A tripartite interaction between a miRNA, TF and a common Gene form regulatory-circuits also known as a Feed Forward Loop (FFL). In FFL, either the TF or miRNA or both regulate each other and also a target gene. It can be further categorized as miRNA-FFL and TF-FFL. In a miRNA-FFL, miRNA is the main regulator, which regulates a TF and its common target gene while in a TF-FFL, TF is the main regulator (20). These FFLs motifs have been found to play vital roles in disease pathology, drug repurposing, and disease recurrence and hence can be used for the understanding of the underlying mechanism of disease initiation, progression, and recurrence (16,21). Recently, miRNA based FFLs are proposed as potential biomarkers for complex multifactorial disorders like colorectal cancer, myocardial infarct etc. (21,22). Analysis of miRNA-TF-gene co-regulatory networks in these diseases has found to successfully predict the disease pathology and recurrence.
Recently there have been number of studies assessing miRNA expression and regulation during HA stress. This molecular data is scattered and our study is a systematic attempt to collect, curate, analyse, visualize and store this data. HAHmiR.DB (High Altitude Human miRNA Database) is a first-ever comprehensive database for miRNA associated with HA-stress; their coregulatory networks and regulatory-circuits. The database currently contains 386 human miRNAs which are manually curated from peer-reviewed publications related to high-throughput techniques such as microarray, qPCR, RNA seq, etc. The database stores the association of each miRNA with HA-stress in terms of the experimental group, altitude and duration of experiment, level of regulation (up/down), fold change, GEO accession, association as biomarker and a corresponding link to the respective publication. The database also collates mature miRNA Ids, miRNA and RNAcentral accession, family, precursor and mature sequence and the stem-loop structure. It also retrieves and stores the miRNA gene targets. Using these, miRNA-TF-gene co-regulatory networks are built and two types of FFLs i.e. miRNA-FFL and TF-FFL are extracted using in-house scripts.

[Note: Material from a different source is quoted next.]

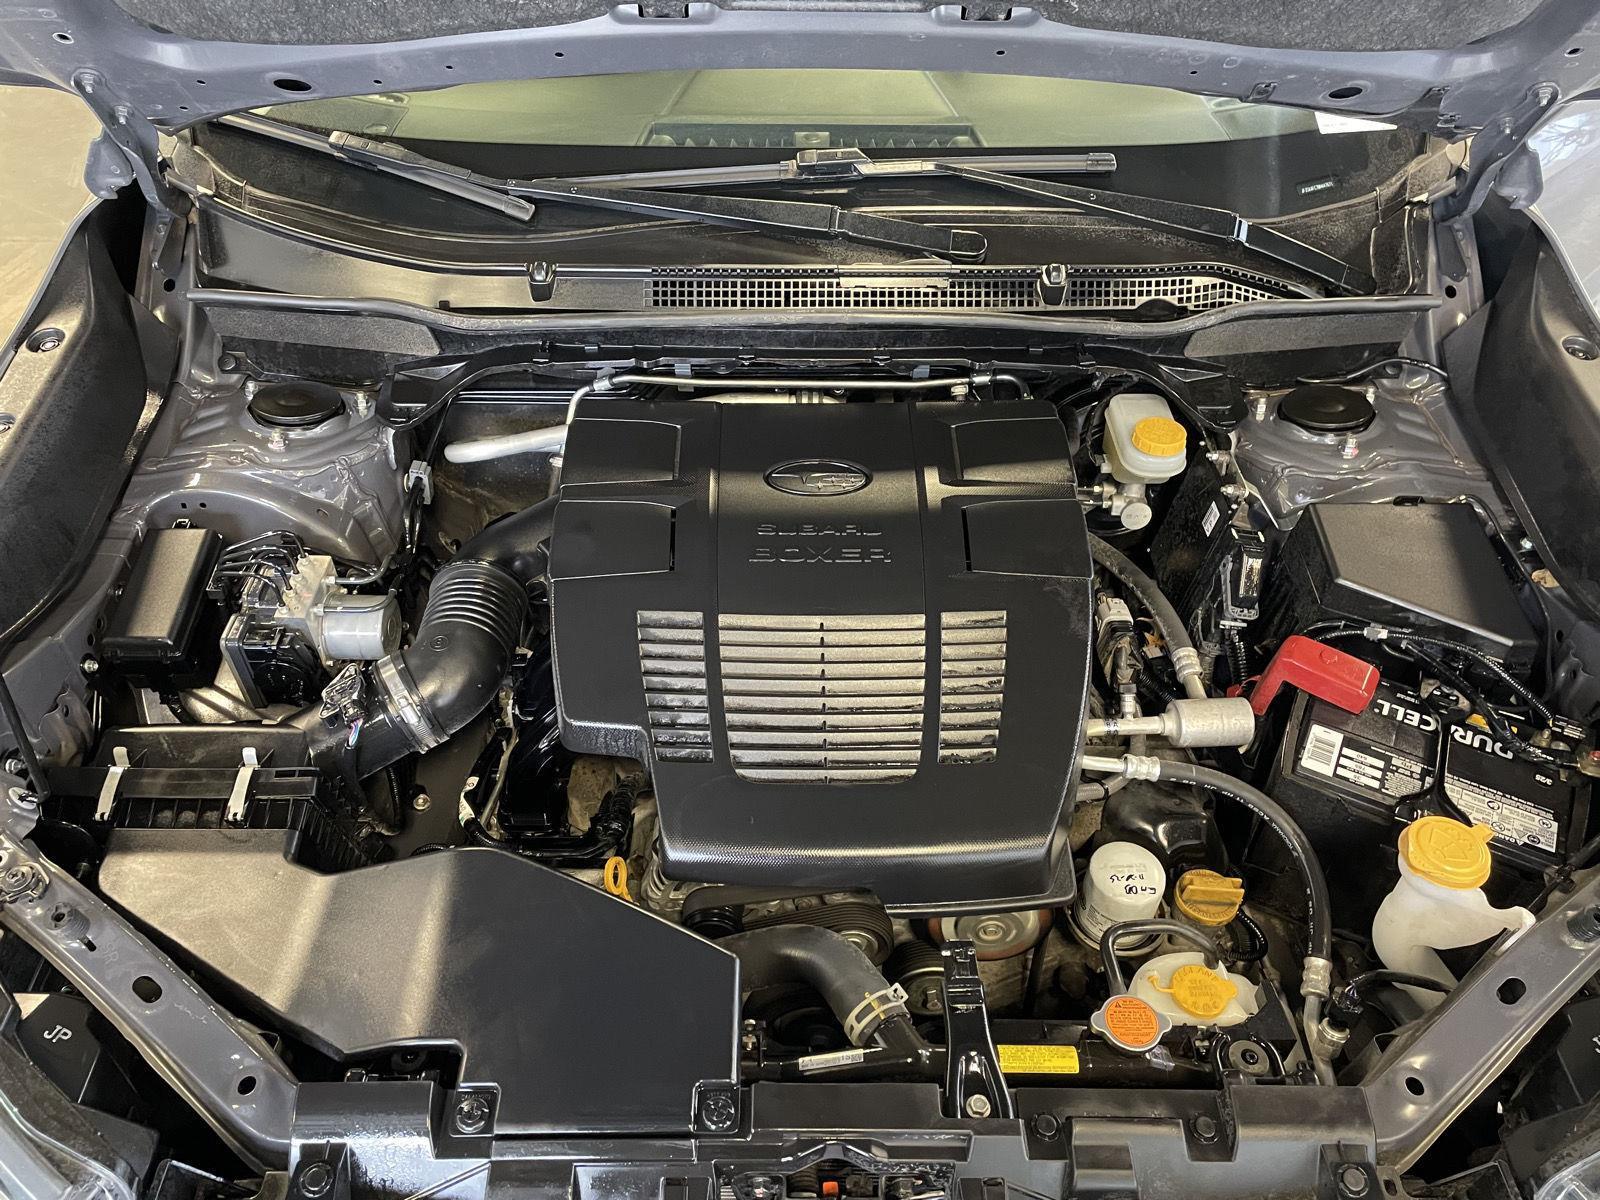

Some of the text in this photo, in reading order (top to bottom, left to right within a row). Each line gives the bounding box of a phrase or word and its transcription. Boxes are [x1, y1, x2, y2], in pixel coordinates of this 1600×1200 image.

The database also stores other information about miRNAs like their role in other diseases, its tissue-specific expression and their association with drugs. GO and KEGG pathway enrichment of the miRNA targets are also stored. As a server platform, HAHmiR.DB also builds interactive and dynamic miRNA-TF-gene co-regulatory networks of user-defined miRNA list and also identifies the FFL regulatory-circuits from the network. HAHmiR.DB will help to uncover the underlying cross-talk between miRNA, TF and gene that governs the fine-tuning of gene expression during HA acclimatization. It will be useful in revealing novel and robust targets and important regulating modules responsible for acclimatizing to HA. Researchers can further use this information for getting mechanistic insights in the complex molecular responses in HA-related disorders.
MATERIAL AND METHODS
Data Collection
The combination of keywords such as “High Altitude” and “miRNA” were used to extract the list of publications from PubMed and Google scholar as on January 2020 (23,24). After removing redundancy and duplicity, the publications were manually curated to identify the differentially expressed (DE) miRNAs from human studies. For each miRNA its experimental group, experiment altitude, duration of induction, level of expression, fold Change, GEO (Gene Expression Omnibus) accession and its reference paper were compiled. Sometimes the information e.g. fold change, the tissue of expression was not categorically listed in the publication, so those entries are recorded as ‘na’. We also recorded whether any literature text had associated the miRNA as a biomarker for HA acclimatization. Subsequently, miRBase stem Loop Id, miRBase accession number, miRNA Family, 5’ ID, 3’ID, Chromosome number, precursor sequence, mature sequence, and RNA central ID for each miRNAs were retrieved and stored from the miRBase(25), miRGen 2.0(26) and RNAcentral(27) databases respectively. To ensure uniformity in the nomenclature, the names of precursor miRNAs were mapped to the mature miRNA using miRBase(25) and miRDB(28) databases.
Data Annotation
A comprehensive and exhaustive list of human TF and Co-Transcription Factors (Co-TFs) were mined from TFcheckpoint, DBD, TcoF-DB V2 and TRANSFAC(29–32). This was stored as human TF list. For each miRNA, its experimentally-validated gene targets were identified from MirTarBase and miRecords (33,34). These gene targets were annotated as TF or gene by comparison with human TF list. This way the corresponding miRNA→gene interactions were annotated as miRNA→TF or miRNA→gene interactions.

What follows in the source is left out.